Nelle pagine del diario di questo mese voglio lasciare spazio ad un racconto di tanti anni fa, che riguarda la zona di Milano dove abito, al tempo ricca di fabbriche ed industrie, che ha vissuto da protagonista negli anni bui della guerra e della ribellione popolare verso l’invasore…

Era la mattina del 23 marzo 1943, improvvisamente alla fabbrica di biciclette Fuchs del Giambellino irruppero tre, quattro, dieci giovani. Difficile adesso, dire quanti fossero di preciso.

La nota stilata dal comandante non ne fa cenno. Dice solo che c’erano partigiani della brigata 116, della 117 e anche un rappresentante della 118. Per le azioni di guerriglia urbana le biciclette erano indispensabili e le biciclette scarseggiavano. Non solo, spesso, anche quando c’erano, erano difettose alle camere d’aria e ai copertoni.

Ecco perché, quella mattina venne deciso di andarle a prendere nella fabbrica che le produceva.

Vi propongo due testimonianze tratte dalla documentazione in possesso della sezione Anpi Giambellino – Lorenteggio di Milano:

Sergio Aiolfi, uno dei partigiani… “Le biciclette? La nostra arma migliore”

Perché andammo a sequestrare le biciclette alla Fuchs del Giambellino? Ma è semplice. Perché la bicicletta era la nostra arma migliore. Chi si muoveva velocemente aveva bisogno di un mezzo e il solo mezzo di cui allora potevamo disporre era la bicicletta.  Alla Fuchs quel 22 marzo eravamo in diversi, forse sette o otto. Non ricordo bene. Partigiani delle brigate Garibaldi 117 e 116. Io facevo parte della 116.
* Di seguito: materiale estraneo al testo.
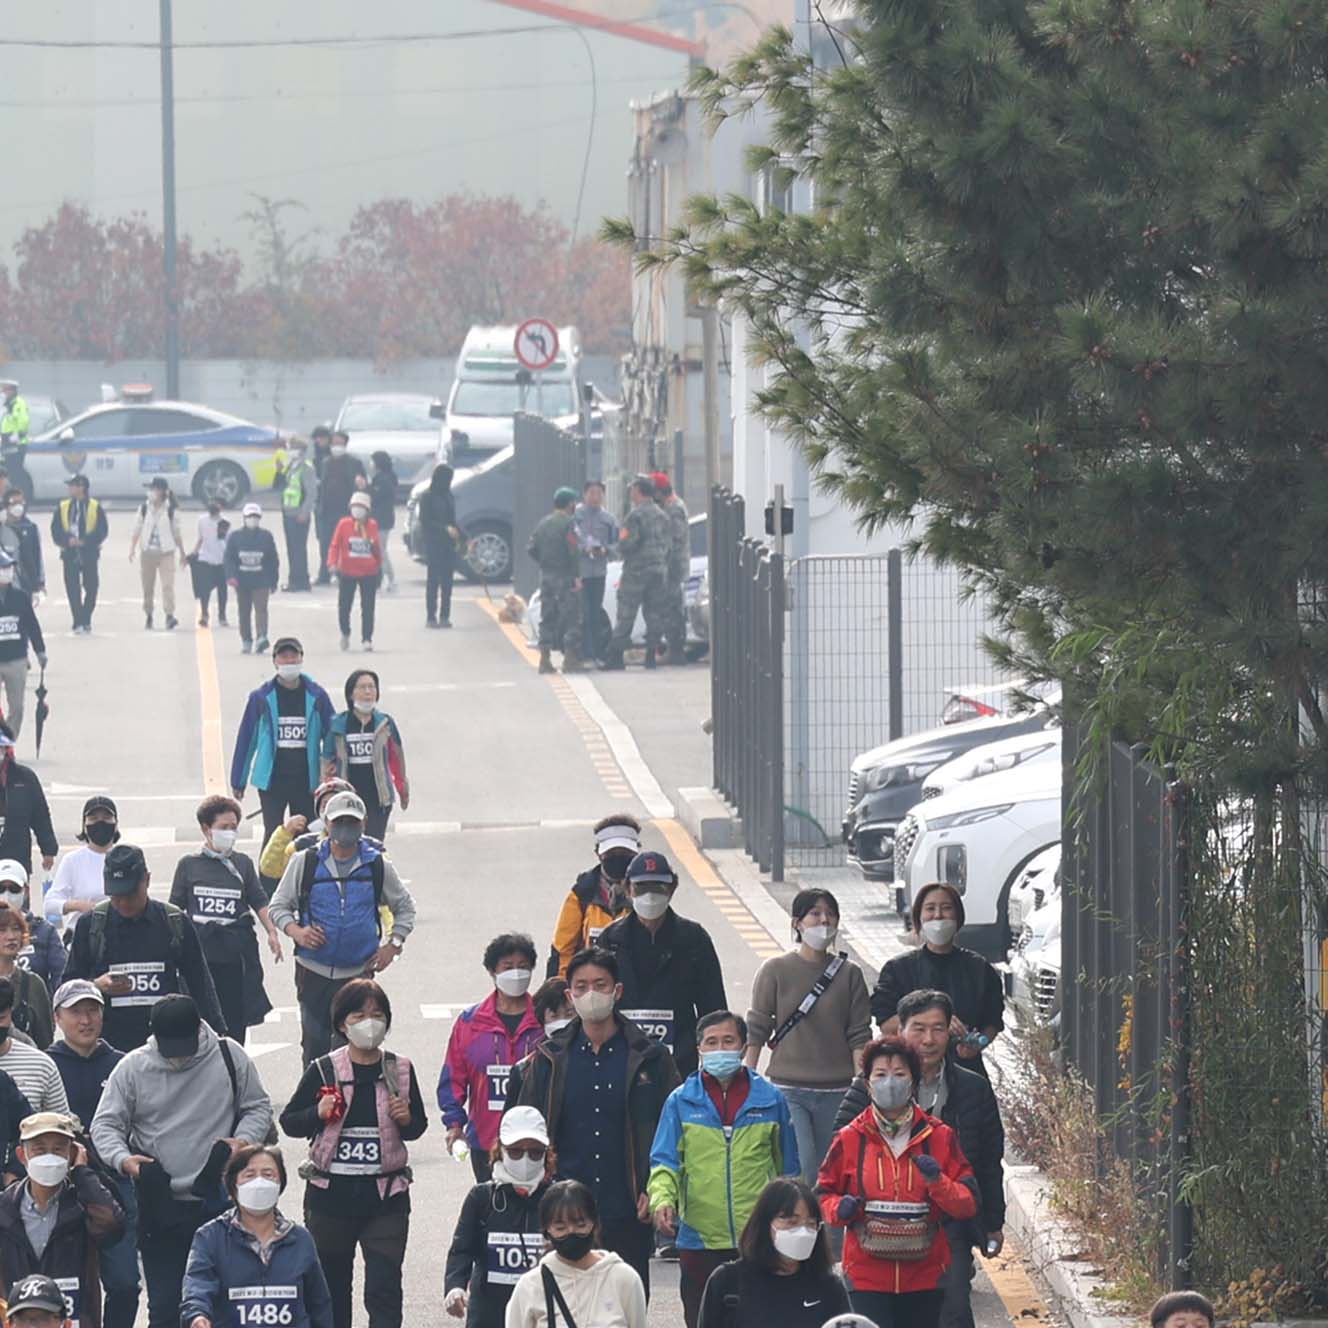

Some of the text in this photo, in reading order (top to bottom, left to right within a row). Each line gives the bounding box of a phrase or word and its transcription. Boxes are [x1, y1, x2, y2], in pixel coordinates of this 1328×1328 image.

Ci trovammo all’appuntamento di buon mattino. Entrammo in fabbrica bloccando ogni uscita. Ricordo di aver staccato subito il telefono. Furono sequestrate un certo numero di biciclette (seppi poi che erano 12) e camere d’aria e copertoni. Allora disporre di una camera d’aria e di un copertone di ricambio era difficilissimo; a volte legavamo con delle bande di cotone i copertoni troppo logori. Nel grande capannone improvvisammo anche un comizio invitando le operaie e gli operai a ribellarsi. Fu una giornata indimenticabile. Se ho avuto paura? Si, certo. Guai a non averne. L’importante è superare la paura. Per farlo ci vogliono buone ragioni. Noi allora ne avevamo”.

Dorina Vismara: “Quella delle trecce”

Ero in collegamento con i partigiani che mi chiamavano “quella delle trecce” perché nessuno doveva sapere i nostri nomi. Ci accordammo che un gruppo di partigiani sarebbe venuto a prendere le biciclette. Io stavo imballando, perché questo era il mio lavoro, nove bellissime biciclette destinate ai tedeschi. Improvvisamente entrano i partigiani e la moglie del proprietario, il famoso Giovanni Tapella, esce da una porta laterale e si precipita a chiamare i fascisti.

Questi arrivano immediatamente e alcuni partigiani riescono ad inforcare le biciclette e a scappare; uno di loro ha qualche noia con la sella.

Vedendosi alle spalle i tedeschi, corre verso il Naviglio, si toglie l’impermeabile e si butta. Arrivano i fascisti, sparano all’impermeabile nell’acqua, certi di averlo ucciso. Il partigiano esce dall’acqua, chiama aiuto e subito la gente porta vestiti per rivestirlo.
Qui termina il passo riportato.